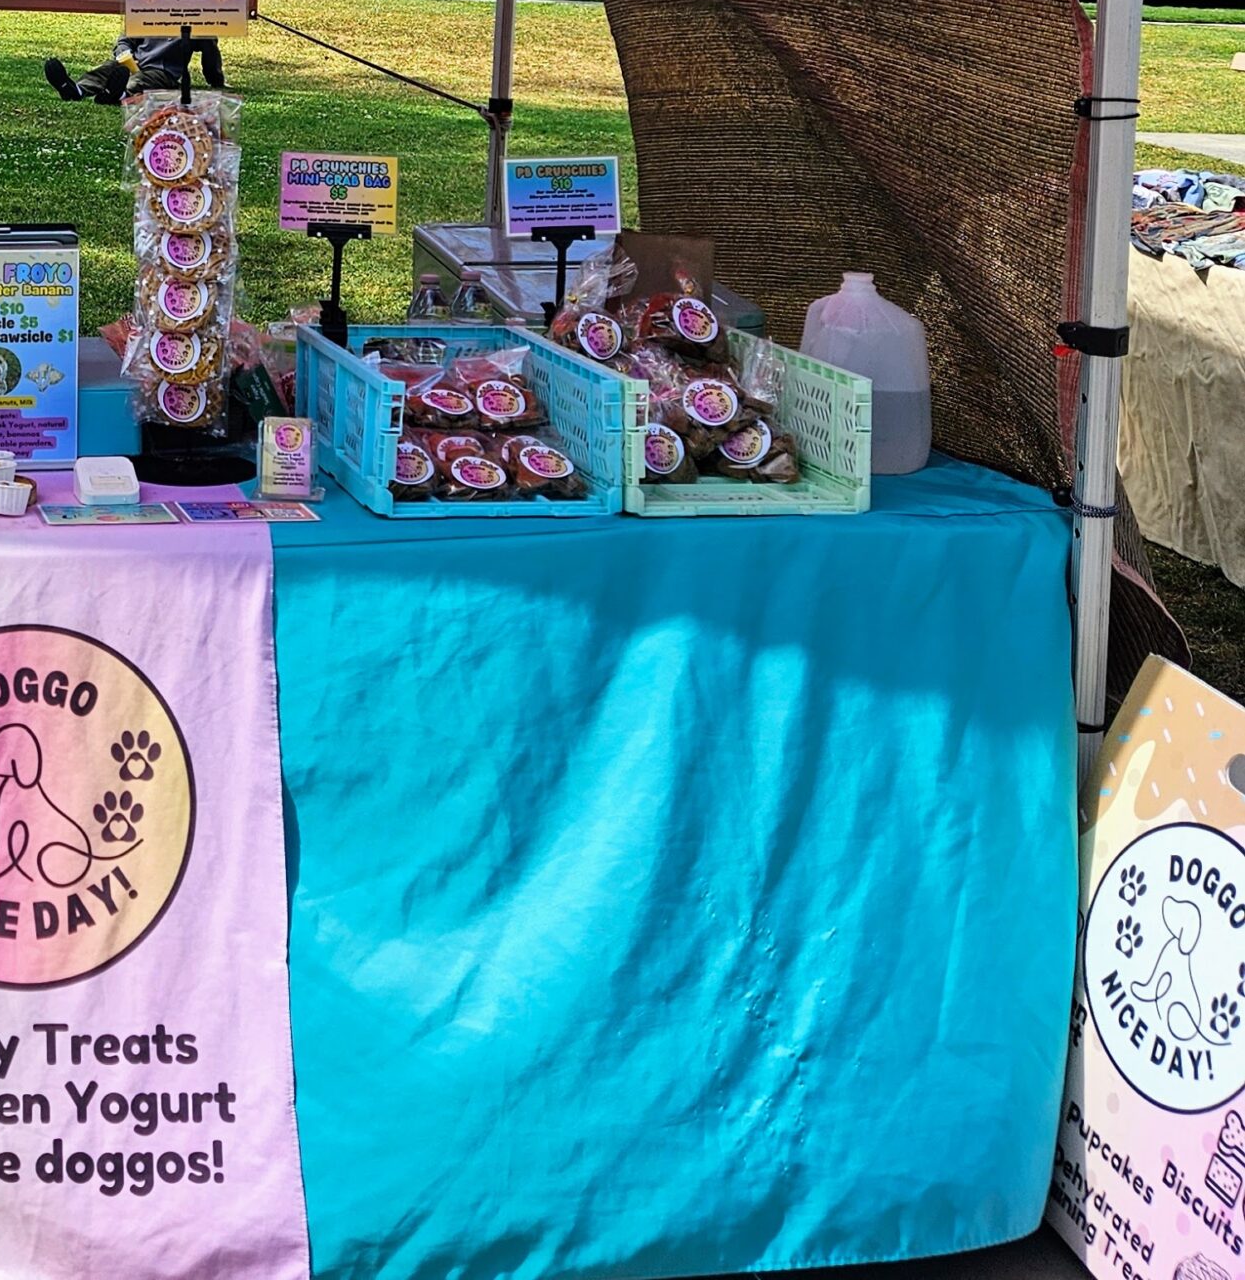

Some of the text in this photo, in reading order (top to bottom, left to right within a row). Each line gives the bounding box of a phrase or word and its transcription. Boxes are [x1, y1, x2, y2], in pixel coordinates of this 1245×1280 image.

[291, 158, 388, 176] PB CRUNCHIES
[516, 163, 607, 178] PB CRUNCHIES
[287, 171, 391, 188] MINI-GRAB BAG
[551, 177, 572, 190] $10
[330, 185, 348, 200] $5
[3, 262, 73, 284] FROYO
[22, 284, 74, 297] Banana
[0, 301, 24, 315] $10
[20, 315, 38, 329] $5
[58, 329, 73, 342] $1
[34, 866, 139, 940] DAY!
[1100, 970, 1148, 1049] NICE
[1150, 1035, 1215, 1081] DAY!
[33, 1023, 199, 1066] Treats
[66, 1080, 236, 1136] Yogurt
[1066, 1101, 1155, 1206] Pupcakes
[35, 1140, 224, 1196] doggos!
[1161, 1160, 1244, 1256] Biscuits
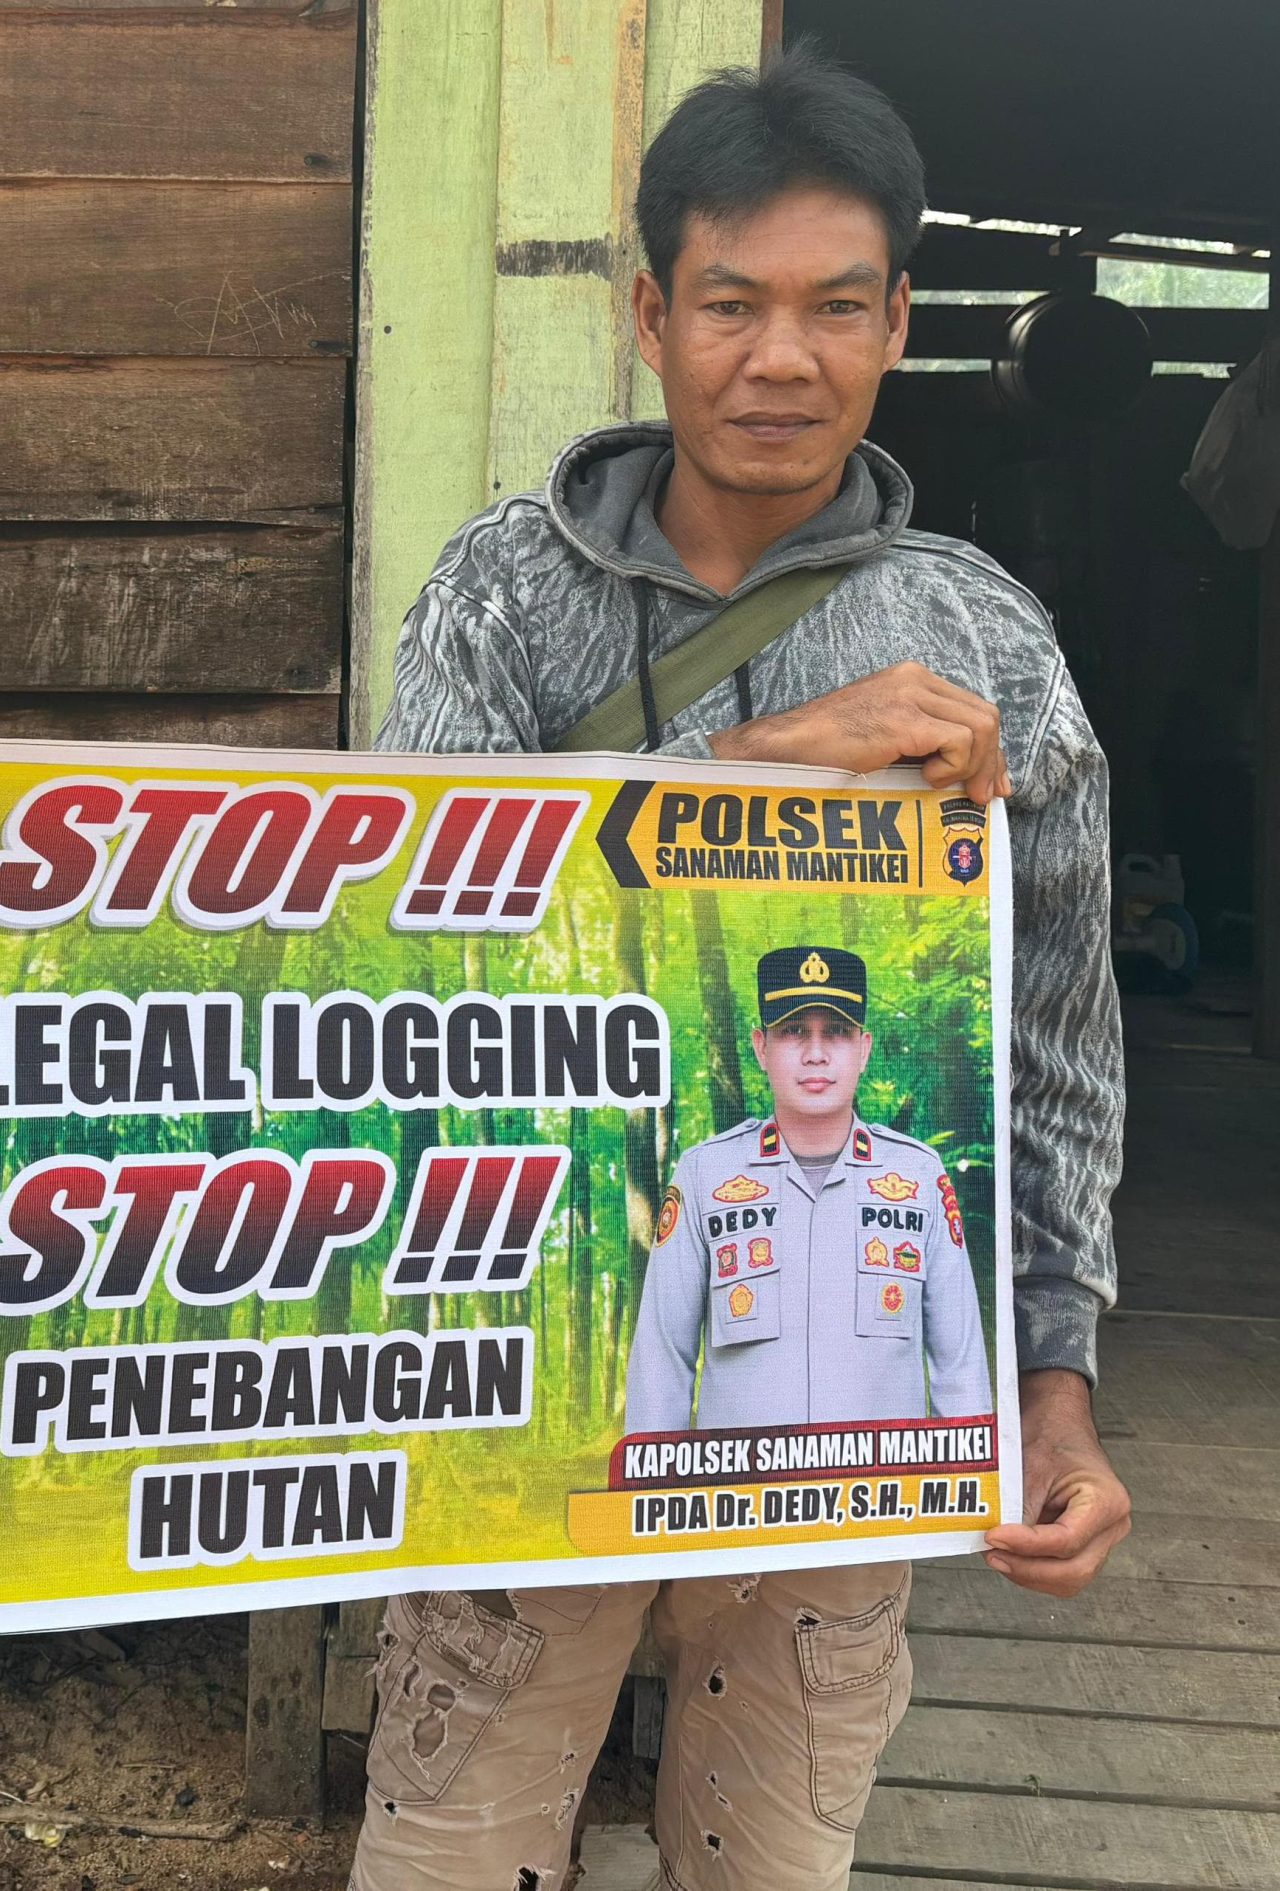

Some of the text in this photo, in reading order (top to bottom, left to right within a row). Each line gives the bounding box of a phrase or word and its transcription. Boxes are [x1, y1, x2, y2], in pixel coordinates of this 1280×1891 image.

━━━━━━

* [WHAT TO WORK ON] What you output must match the data exactly, apart from the pictures, which are left out.

* [ANSWER TO THIS PROBLEM]
Some of the text in this photo, in reading order (top to bottom, left to right within a row). Each line gives the bounding box of a phrase or word and its transcription. Boxes are [x1, y1, x2, y2], in pixel coordinates of this 1245×1280 image.

[291, 158, 388, 176] PB CRUNCHIES
[516, 163, 607, 178] PB CRUNCHIES
[287, 171, 391, 188] MINI-GRAB BAG
[551, 177, 572, 190] $10
[330, 185, 348, 200] $5
[3, 262, 73, 284] FROYO
[22, 284, 74, 297] Banana
[0, 301, 24, 315] $10
[20, 315, 38, 329] $5
[58, 329, 73, 342] $1
[34, 866, 139, 940] DAY!
[1100, 970, 1148, 1049] NICE
[1150, 1035, 1215, 1081] DAY!
[33, 1023, 199, 1066] Treats
[66, 1080, 236, 1136] Yogurt
[1066, 1101, 1155, 1206] Pupcakes
[35, 1140, 224, 1196] doggos!
[1161, 1160, 1244, 1256] Biscuits

Some of the text in this photo, in reading order (top to bottom, left to right within a row). Each line gives the bounding box of a phrase or word and its transcription. Boxes are [x1, y1, x2, y2], in pixel coordinates of this 1280×1891 image.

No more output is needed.